- [Activity]:
The records appear below. Repeat them exactly.

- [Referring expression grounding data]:
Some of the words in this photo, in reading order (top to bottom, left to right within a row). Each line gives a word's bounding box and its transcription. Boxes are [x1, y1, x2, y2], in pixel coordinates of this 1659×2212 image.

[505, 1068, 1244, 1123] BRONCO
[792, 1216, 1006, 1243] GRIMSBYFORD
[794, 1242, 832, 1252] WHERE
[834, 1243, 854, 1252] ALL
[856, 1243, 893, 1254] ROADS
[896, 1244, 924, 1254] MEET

- [Solution for this task]:
Some of the words in this photo, in reading order (top to bottom, left to right within a row). Each line gives a word's bounding box and its transcription. Boxes are [x1, y1, x2, y2], in pixel coordinates of this 1659×2212 image.

[505, 1068, 1244, 1123] BRONCO
[792, 1216, 1006, 1243] GRIMSBYFORD
[794, 1242, 832, 1252] WHERE
[834, 1243, 854, 1252] ALL
[856, 1243, 893, 1254] ROADS
[896, 1244, 924, 1254] MEET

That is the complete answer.